**What is needed:**
A faithful copy without images is required: write out all the records exactly.

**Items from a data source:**
+-------+
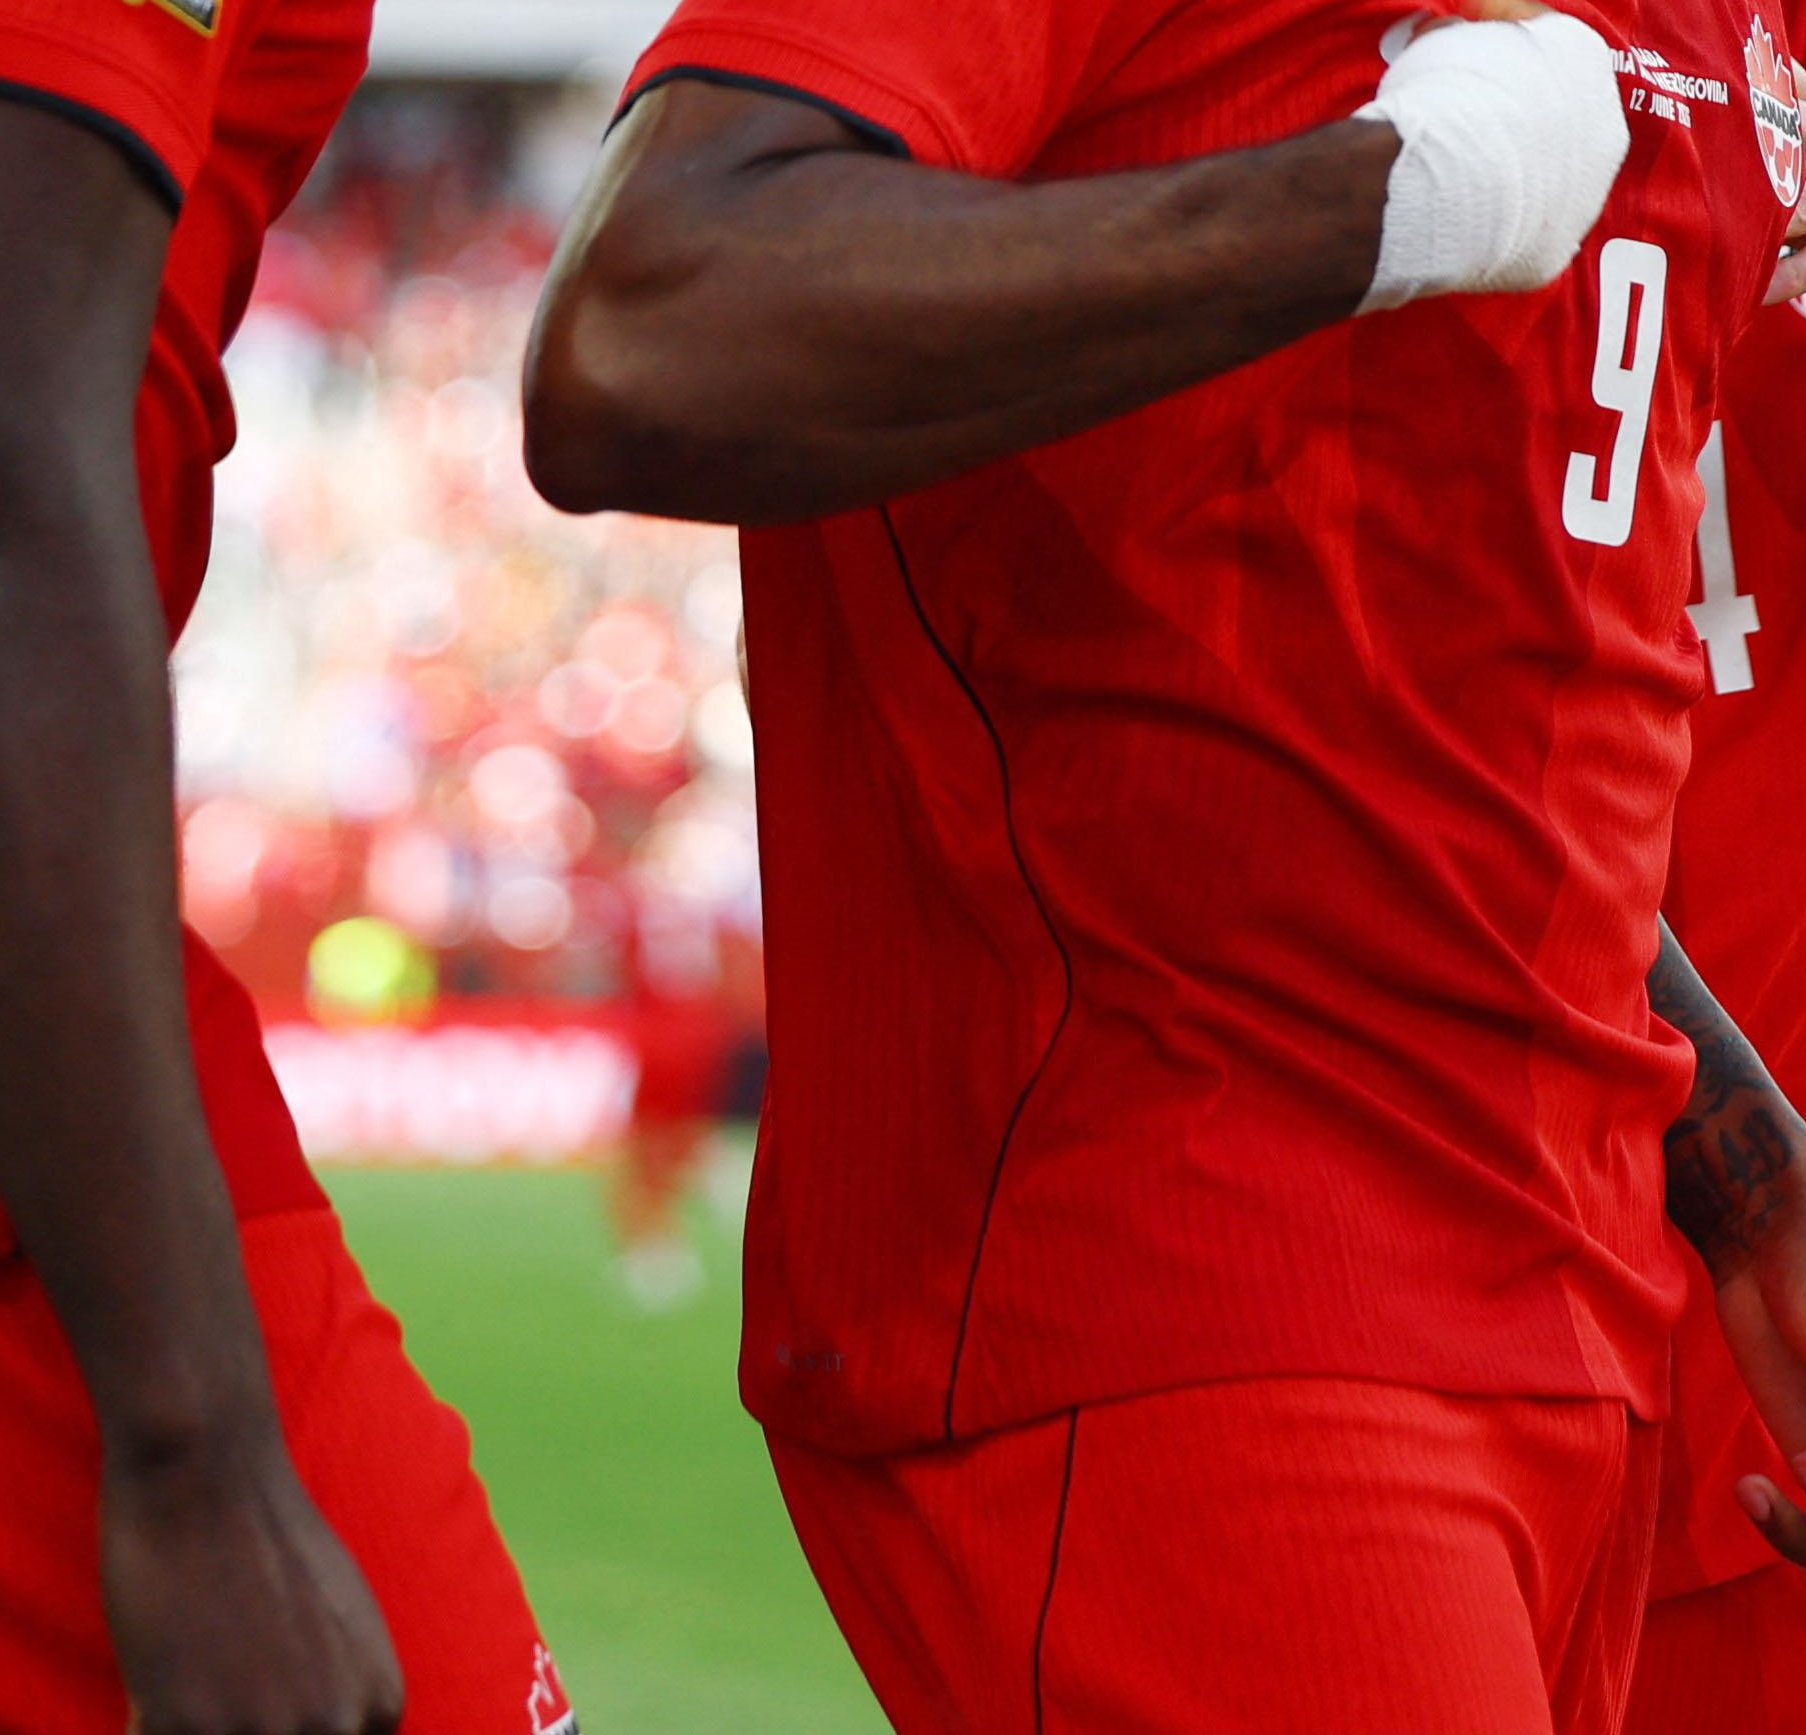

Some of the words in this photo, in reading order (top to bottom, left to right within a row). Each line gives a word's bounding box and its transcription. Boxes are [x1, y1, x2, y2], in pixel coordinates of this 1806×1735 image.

[1629, 87, 1647, 112] 12
[1648, 92, 1676, 122] JUNE
[1752, 90, 1800, 140] CANADA
[1561, 237, 1667, 547] 9
+-------+
**Finished exercise:**
Some of the words in this photo, in reading order (top to bottom, left to right within a row). Each line gives a word's bounding box and its transcription. Boxes are [x1, y1, x2, y2], in pixel coordinates of this 1806×1735 image.

[1629, 87, 1647, 112] 12
[1648, 92, 1676, 122] JUNE
[1752, 90, 1800, 140] CANADA
[1561, 237, 1667, 547] 9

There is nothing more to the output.